Esta semana, 73 eurodeputados britânicos participaram pela última vez numa sessão plenária em Estrasburgo. Ao fim de 47 anos, são o reflexo de um país divido pelo Brexit.
«Há 20 anos que aqui venho. Fiz muitos amigos. Muitos inimigos. De algumas coisas sentirei falta, claro… Do teatro de estar no plenário. De certa forma, fui o ‘mal comportado’ do Parlamento Europeu, fui o ‘vilão’, aquele que se levantava e todos assobiavam. Vou sentir falta desse drama», disse o líder do Partido do Brexit, Nigel Farage, à “SIC”.

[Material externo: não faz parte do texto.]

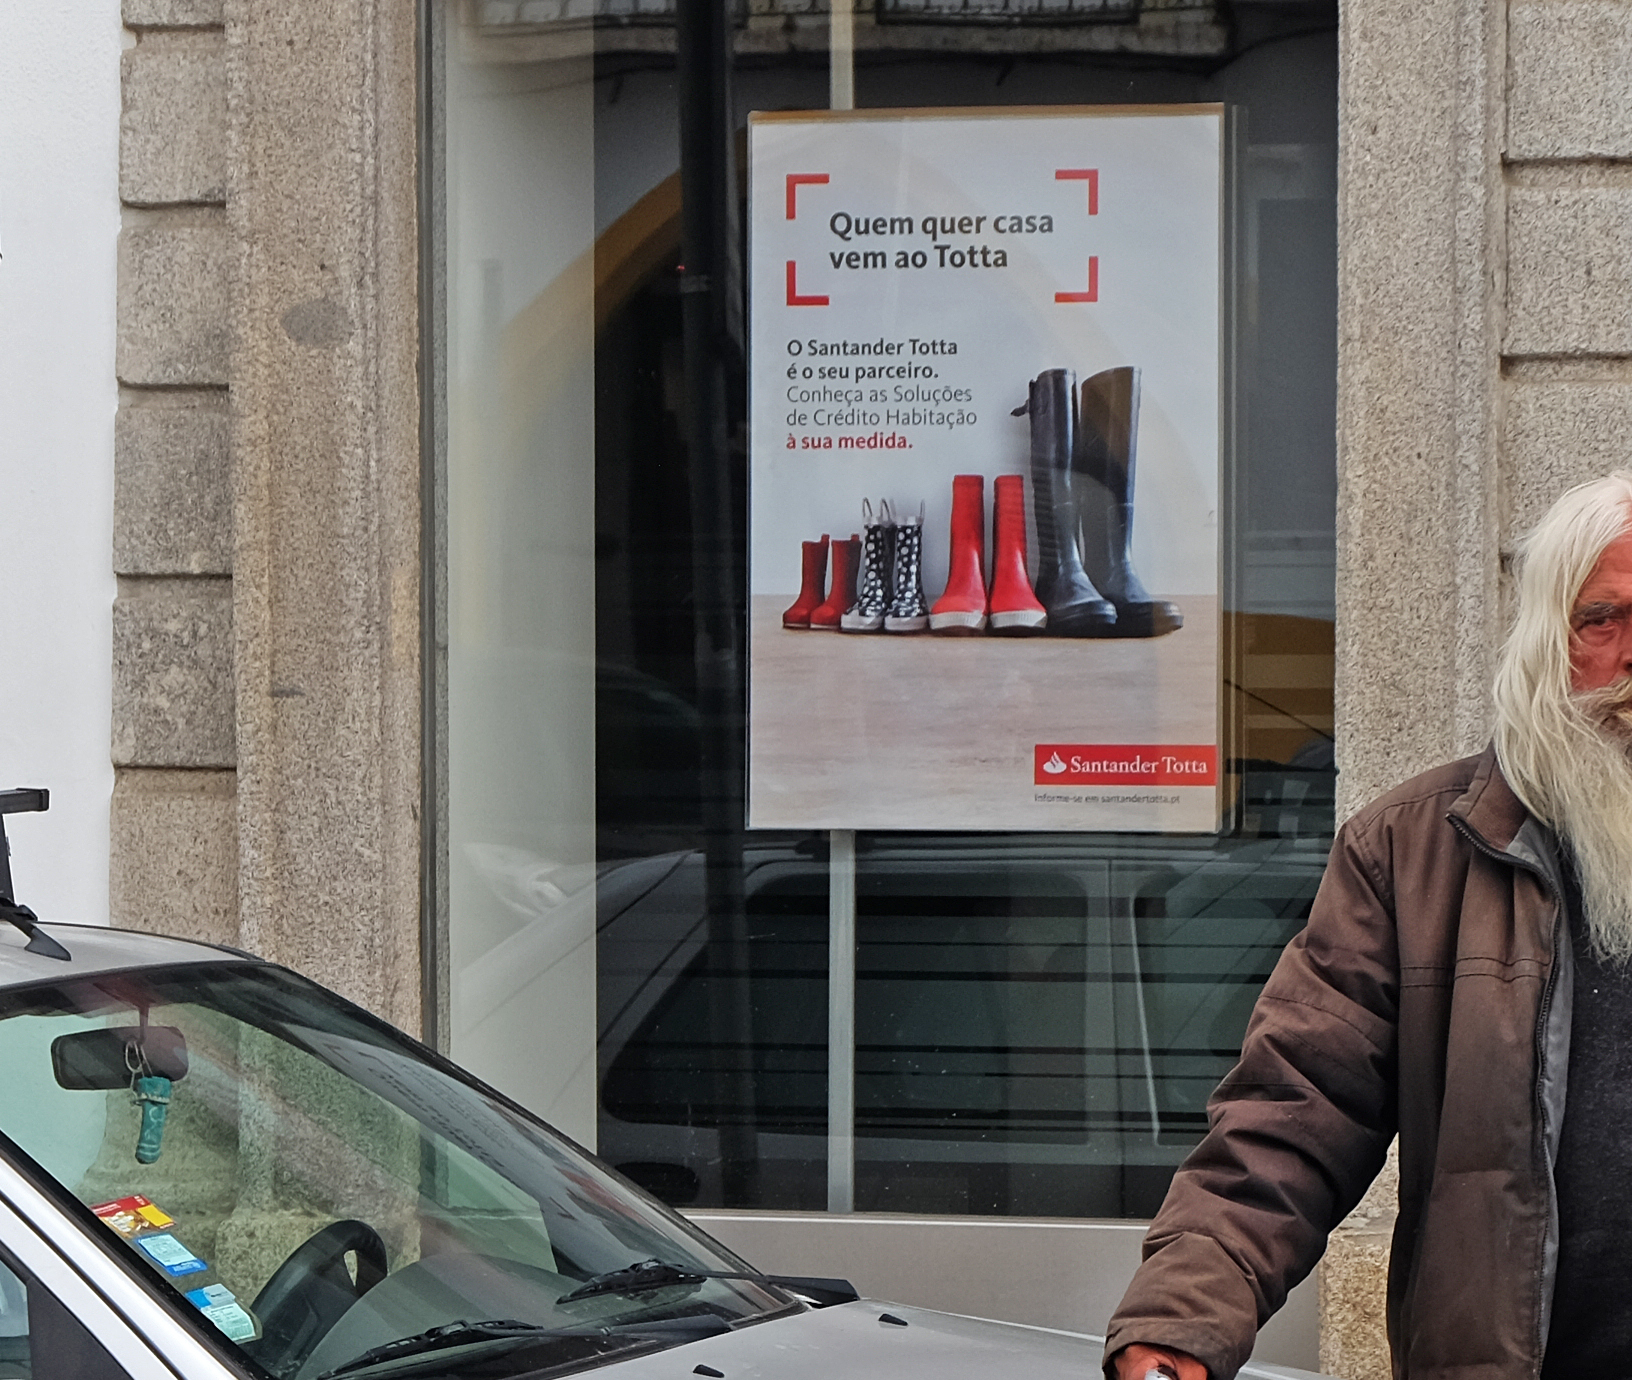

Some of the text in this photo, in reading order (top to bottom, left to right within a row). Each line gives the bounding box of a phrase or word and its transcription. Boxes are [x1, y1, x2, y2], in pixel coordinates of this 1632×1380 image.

[829, 212, 1054, 241] Quem quer casa
[829, 244, 1009, 270] vem ao Totta
[786, 338, 959, 357] O Santander Totta
[786, 361, 940, 384] é o seu parceiro.
[786, 384, 973, 407] Conheça as Soluções
[786, 407, 978, 430] de Crédito Habitação
[786, 430, 914, 450] à sua medida.
[1070, 754, 1209, 774] Santander Totta
[1034, 793, 1083, 803] Informe-se
[1100, 794, 1180, 805] santandertotta.pt
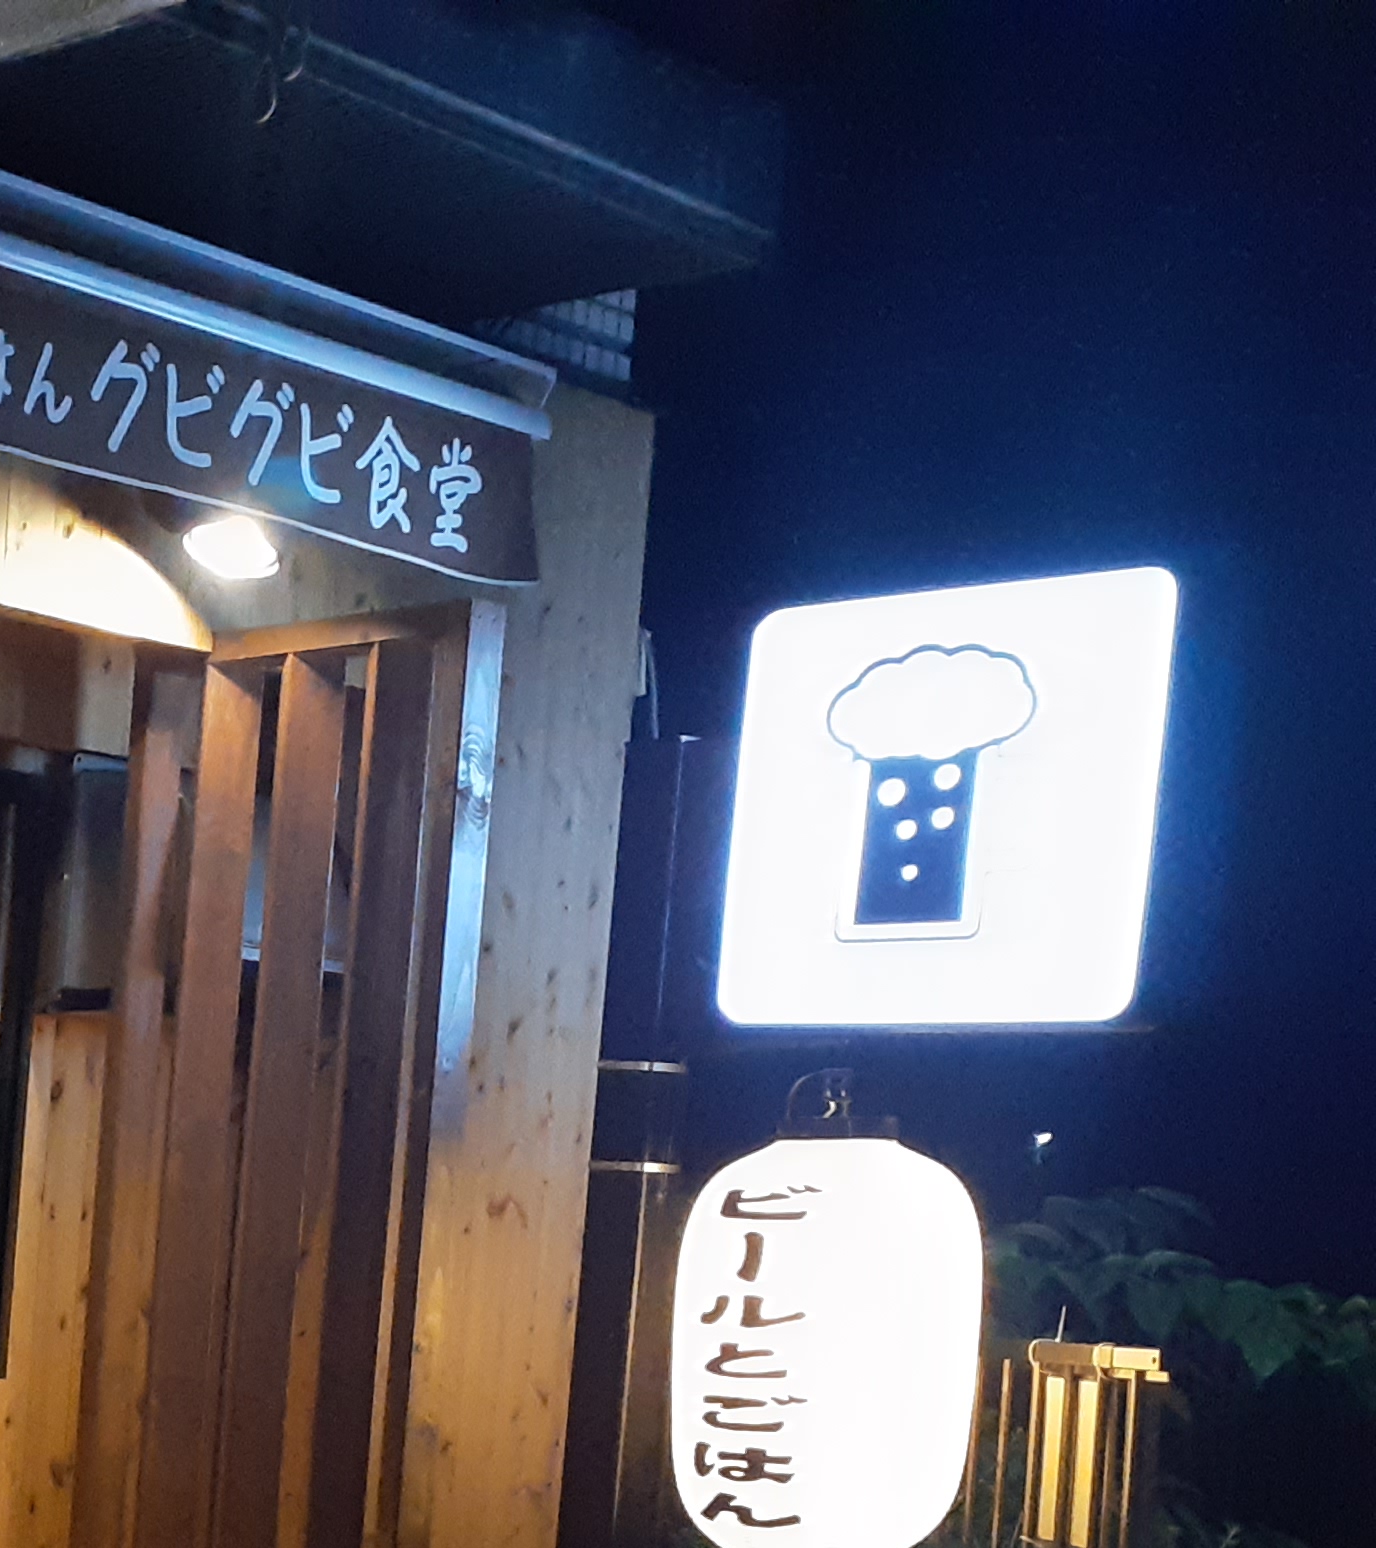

Farage acredita que «outros vão sair» da União Europeia (UE), uma estrutura que considera ser «errada para a Europa». «É um modelo antidemocrático», atirou.
Já eurodeputados trabalhistas, liberais e verdes lamentam a saída do Reino Unido do bloco comunitário. Richard Corbett, eurodeputado Trabalhista, classifica o Brexit como «um erro trágico». «É muito estranho. Muito triste. Pessoalmente, mas também para o meu país. É um erro trágico. Não é bom para o Reino Unido. Não é bom para a Europa», afirmou Corbett, que percorre os corredores do Parlamento Europeu desde 1996.
«Eu esperava mesmo que conseguíssemos ficar. É pena não termos conseguido o resultado que queríamos», lamentou Magid Magid, eurodeputado dos Verdes.
Também Irina Von Wies, eurodeputada dos Liberais, admitiu que «é uma pena ver o Reino Unido sair da União Europeia». «Logo agora que estamos prestes a ter um dos maiores projectos de reforma, que é a Conferência sobre o Futuro da Europa, que vai envolver os cidadãos, precisamente com o objectivo de reparar as divisões na sociedade», sublinhou.
Mas a tristeza de uns é a alegria de outros. «Não vou sentir falta das instituições europeias. Para mim, são distantes, servem os próprios interesses, caras, afastadas das pessoas que deveriam representar. Vamos ser todos muito mais felizes depois de sairmos», admitiu Daniel Hannan, eurodeputado do Partido Conservador.